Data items
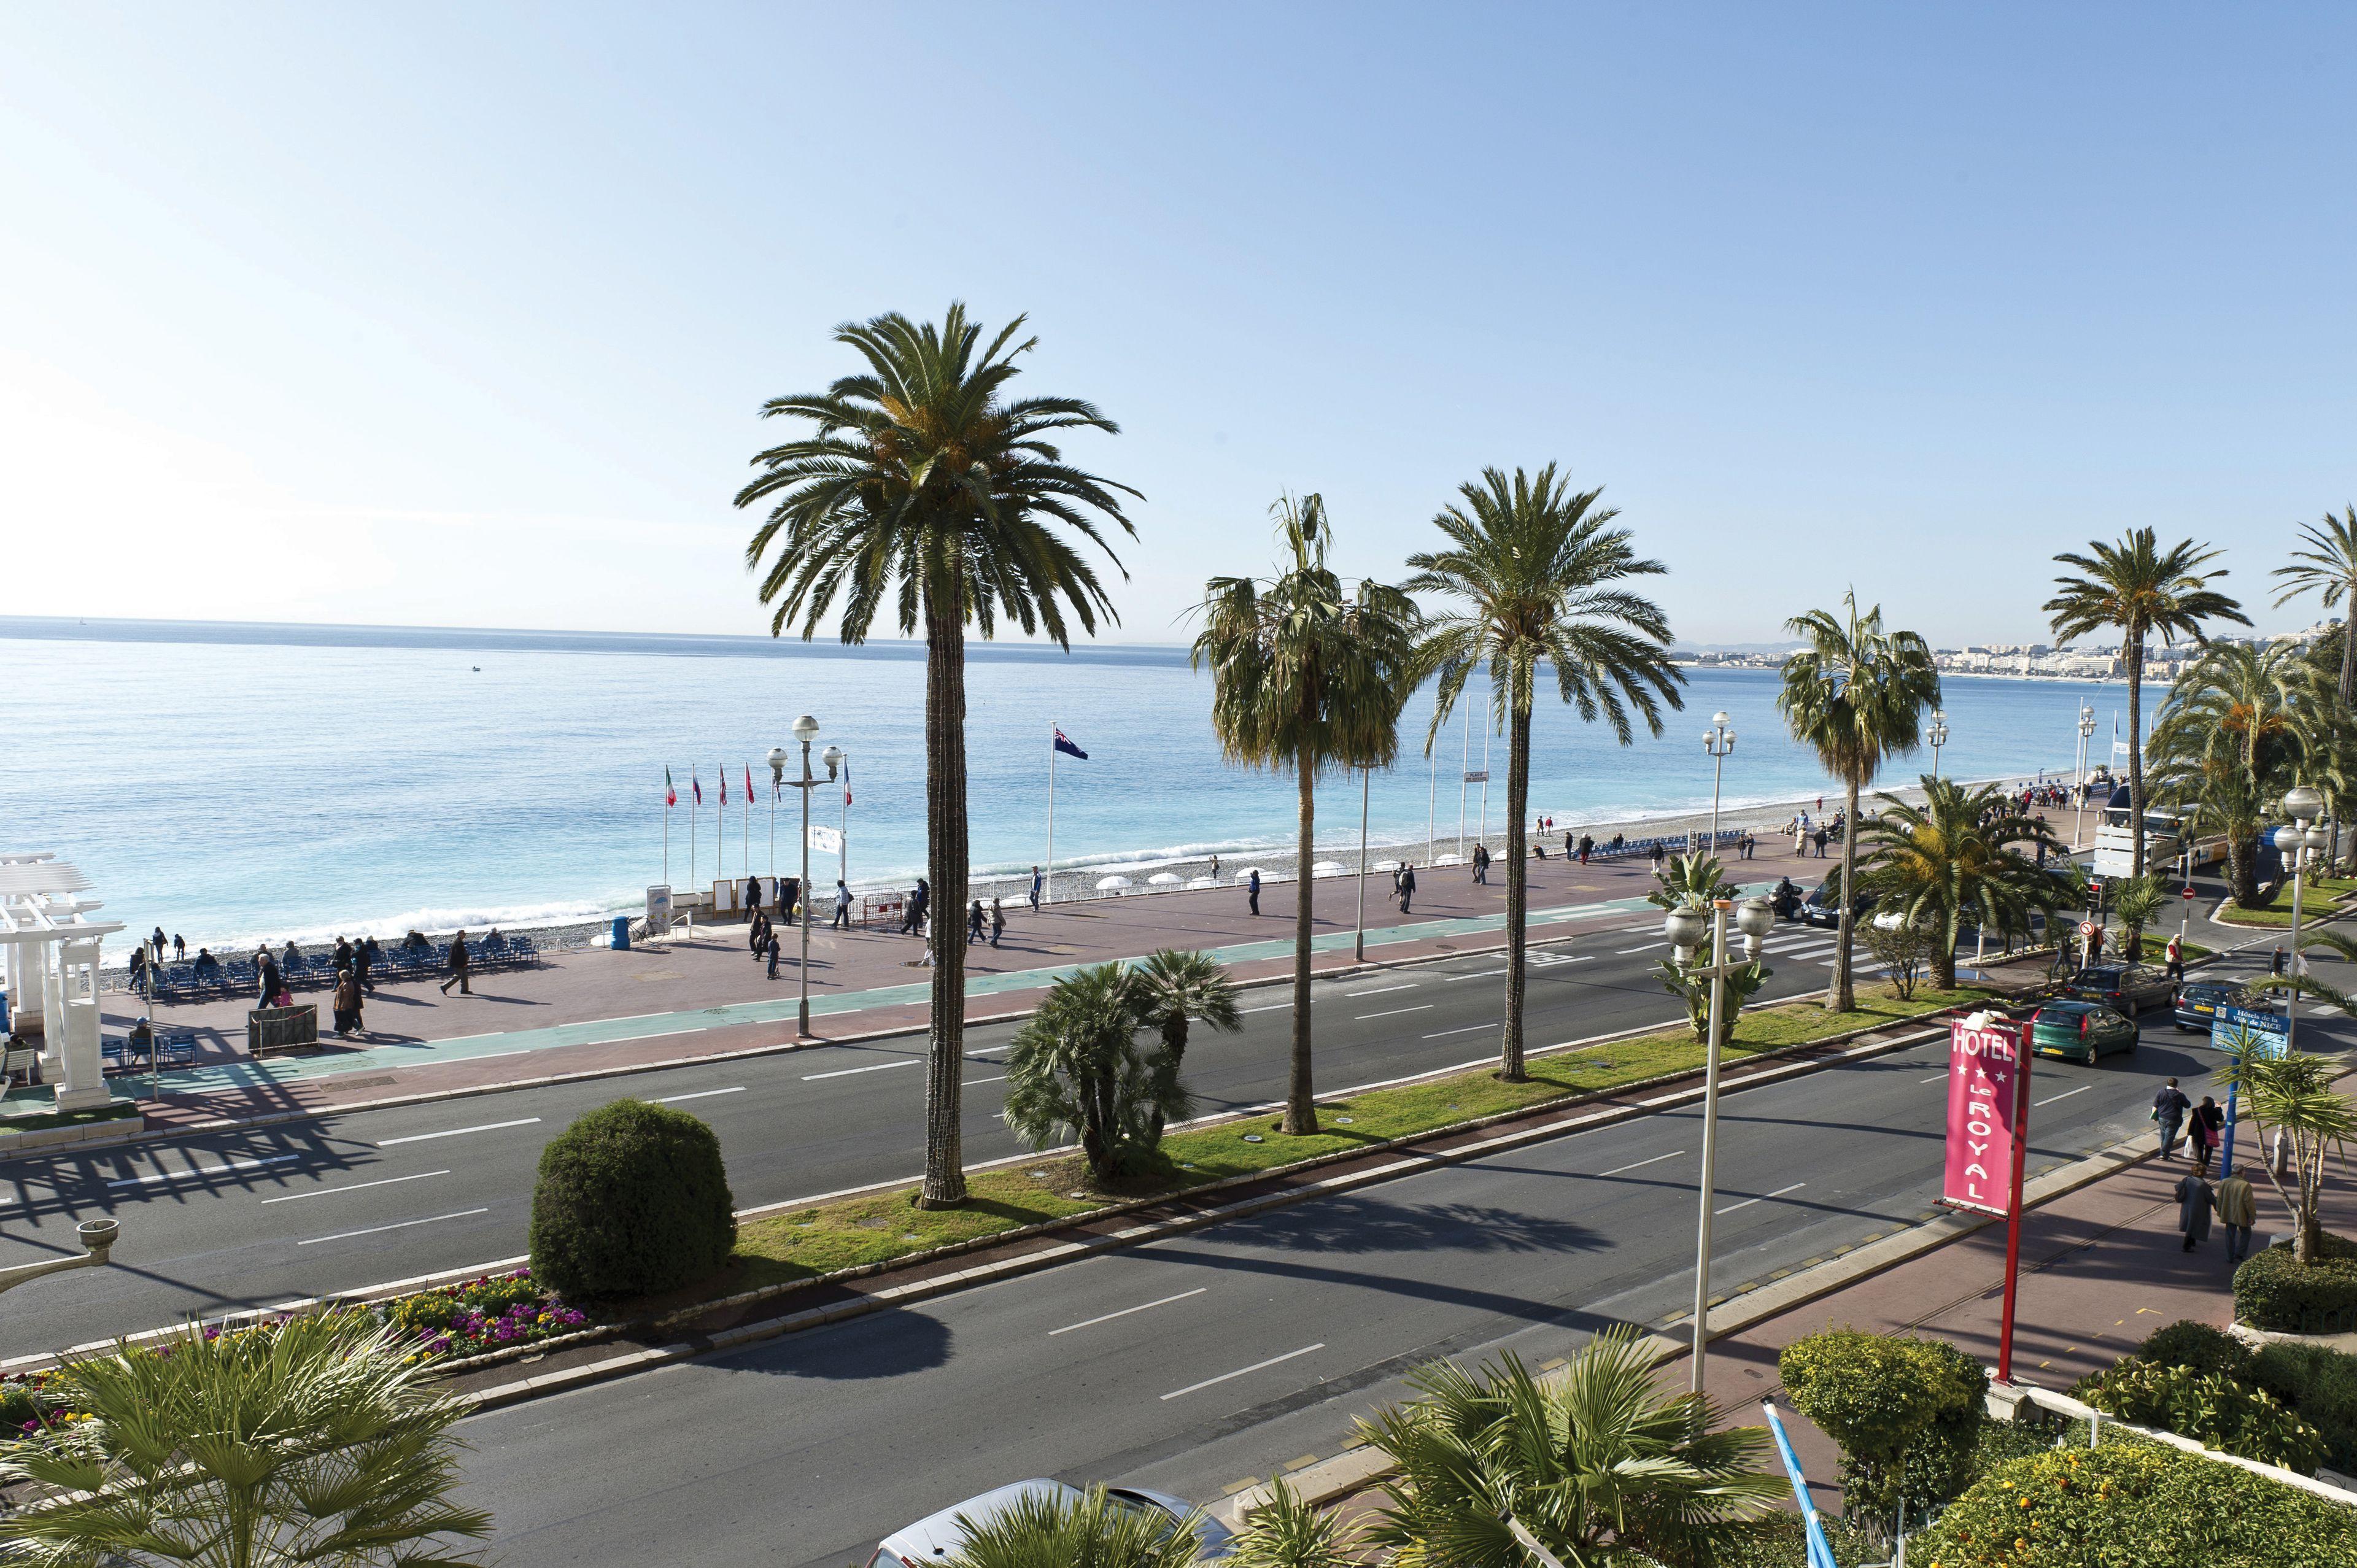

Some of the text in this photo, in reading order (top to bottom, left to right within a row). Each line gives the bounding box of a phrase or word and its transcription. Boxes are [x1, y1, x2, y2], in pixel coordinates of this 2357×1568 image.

[2233, 1015, 2247, 1024] Ville
[2260, 1021, 2282, 1030] NICE
[1953, 1028, 2012, 1062] HOTEL
[1970, 1084, 1991, 1096] Le
[1965, 1101, 1991, 1199] ROYAL

■ Task:
Would you reproduce the records exactly as they stand, but without the pictures?

■ Written reply:
Some of the text in this photo, in reading order (top to bottom, left to right within a row). Each line gives the bounding box of a phrase or word and its transcription. Boxes are [x1, y1, x2, y2], in pixel coordinates of this 2357×1568 image.

[2233, 1015, 2247, 1024] Ville
[2260, 1021, 2282, 1030] NICE
[1953, 1028, 2012, 1062] HOTEL
[1970, 1084, 1991, 1096] Le
[1965, 1101, 1991, 1199] ROYAL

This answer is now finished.